在互联网行业 , 过去有一个非常热的领域叫做大数据工程师 。
大数据领域的软件工程师是怎么工作的呢?
Hadoop 分布式文件系统 , 是起源于谷歌做出来的一个公共平台的基础设施 。
在上边有一个叫做 YARN 的 Resource Managenment 或者叫做计算平台的工具 , 大家有了这个工具之后发现需要处理的数据除了批量的数据之外 , 还有需要在内存中去计算的数据 , 还会有一些流数据收发的工作 , 所以就产生了像 Spark 这样的非常常用的大数据分析平台 。
在 Hadoop 生态里面 , 有大量的软件基础设施 , 供工程师使用 。
如果没有这些基础设施 , 再牛的大数据工程师写出来的代码可能都没法工作 , 也没法完成数据分析 。

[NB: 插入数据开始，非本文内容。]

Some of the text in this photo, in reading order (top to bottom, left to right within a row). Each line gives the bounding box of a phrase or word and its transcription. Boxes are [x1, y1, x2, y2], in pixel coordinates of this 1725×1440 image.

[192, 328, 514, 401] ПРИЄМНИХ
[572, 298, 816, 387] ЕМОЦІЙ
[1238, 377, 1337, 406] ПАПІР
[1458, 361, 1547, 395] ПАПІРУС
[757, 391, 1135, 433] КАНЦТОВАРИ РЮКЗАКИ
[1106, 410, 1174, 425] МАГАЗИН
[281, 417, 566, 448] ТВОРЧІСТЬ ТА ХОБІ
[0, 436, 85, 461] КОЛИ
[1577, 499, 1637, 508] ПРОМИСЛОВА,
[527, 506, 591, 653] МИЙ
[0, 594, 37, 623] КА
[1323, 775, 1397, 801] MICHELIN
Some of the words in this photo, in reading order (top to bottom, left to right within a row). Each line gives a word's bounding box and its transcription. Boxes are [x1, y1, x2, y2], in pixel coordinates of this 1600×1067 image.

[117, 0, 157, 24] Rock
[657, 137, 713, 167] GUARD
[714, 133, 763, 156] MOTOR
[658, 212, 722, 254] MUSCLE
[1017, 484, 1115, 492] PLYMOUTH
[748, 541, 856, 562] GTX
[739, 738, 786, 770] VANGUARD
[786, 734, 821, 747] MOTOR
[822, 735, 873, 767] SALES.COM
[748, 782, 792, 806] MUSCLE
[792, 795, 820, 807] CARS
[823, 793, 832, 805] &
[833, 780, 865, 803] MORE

所以我们可以看到大数据能够蓬勃发展 , 是建立在已经形成了很多大数据分析的辅助工具和软件基础设施之后 。 我们再基于已有的工具进行编程 , 整个效率就变得非常高 , 也带来了很大的商业价值 。
第二个例子是亚马逊的公有云服务 。
亚马逊最初是一家电商公司 , 电商是非常典型的互联网应用 。
亚马逊在做电商的时候就慢慢体会到 , 有很多的实践经验其实是通用的:
比如怎么样管理很多服务器 , 怎么样管理数据中心 , 怎么样去做服务器的灾备和容错 , 以及怎么向上提供结构化的数据存储和非结构化的数据存储 , 怎么去做流量的管理 , 做很多网络连接的管理...

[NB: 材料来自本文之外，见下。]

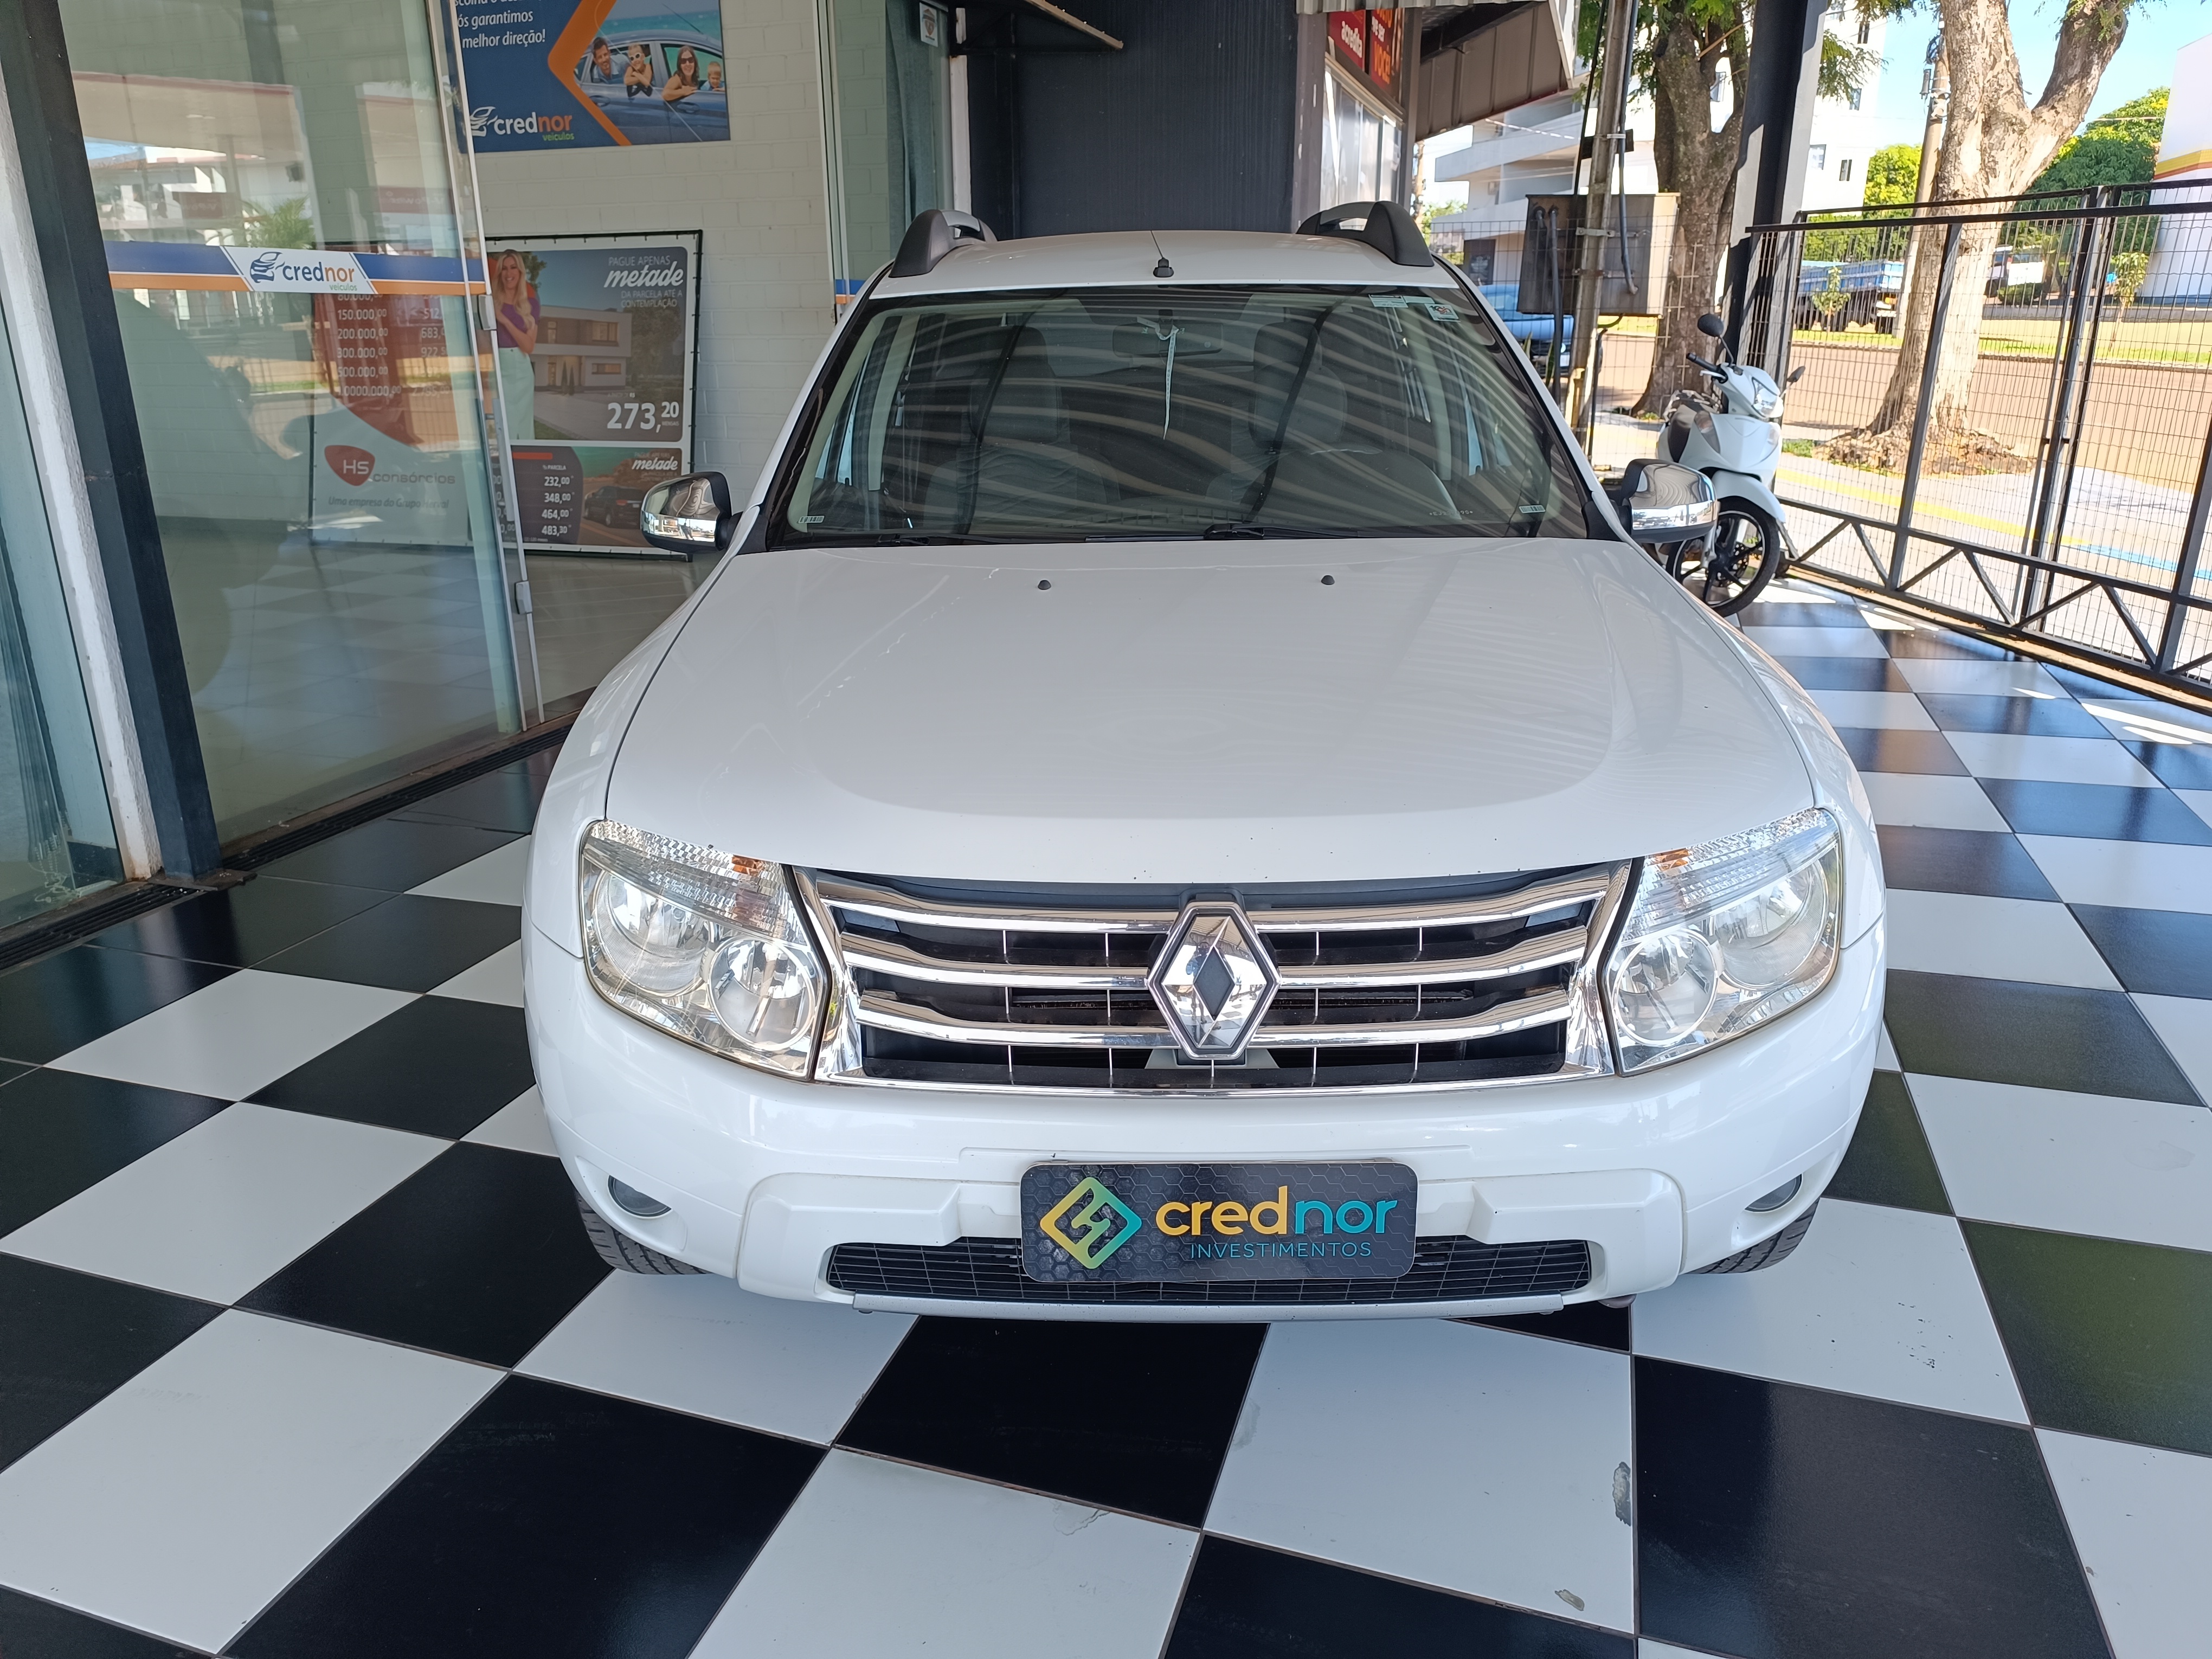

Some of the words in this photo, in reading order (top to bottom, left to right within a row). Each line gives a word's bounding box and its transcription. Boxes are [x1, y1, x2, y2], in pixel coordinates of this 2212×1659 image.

[472, 10, 533, 30] garantimos
[462, 33, 500, 48] melhor
[502, 29, 546, 47] direção!
[493, 112, 573, 135] crednor
[608, 256, 635, 266] PAGUE
[637, 255, 671, 266] APENAS
[282, 261, 355, 282] crednor
[603, 261, 684, 288] metade
[621, 290, 631, 299] DA
[632, 290, 662, 298] PARCELA
[664, 288, 676, 298] ATÉ
[678, 290, 683, 298] A
[621, 299, 678, 309] CONTEMPLAÇÃO
[337, 308, 387, 321] 150.000,00
[337, 327, 388, 340] 200.000,00
[337, 348, 388, 359] 300.000,00
[337, 366, 388, 378] 500.000,00
[343, 459, 369, 474] HS
[632, 456, 678, 471] metade
[372, 472, 456, 484] consórcios
[328, 496, 347, 505] Uma
[348, 498, 382, 508] empresa
[383, 497, 395, 506] do
[395, 498, 421, 509] Grupo
[1155, 1185, 1398, 1236] crednor
[1191, 1242, 1371, 1258] INVESTIMENTOS

亚马逊把所有这些实践出来的 , 构建互联网后台服务中最有价值的东西变成了一系列的 AWS , 就是亚马逊 Web Service 的基础服务 。
这些基础服务有的是 IaaS 层的 , 有的是 PaaS 层的 , 有的还是 SaaS 层的 。
我们现在做云端开发的时候 , 如果用亚马逊云 , 几乎不可避免要用到里面的一部分服务去构建后台服务 。
很多时候大家会说云端的工程师水平很高 , 写的代码很牛 , 但如果这些工程师不能再用公有云的基础设施 , 他们的开发也会变得非常困难 。
还有一个案例是近几年大家讨论比较多的 AI 深度学习 。
深度学习算法或者各种深度学习的 DNN、CNN 或者 RNN 等等 , 开辟了一个新时代 , 使得原来很多机器学习做不到的事情 , 现在都实现了 。
做机器学习的工程师都离不开一些非常重要的深度学习的工具 , 比如 TensorFlow 等等 。 离开了这些工具 , 深度学习的应用和算法都是不工作的 。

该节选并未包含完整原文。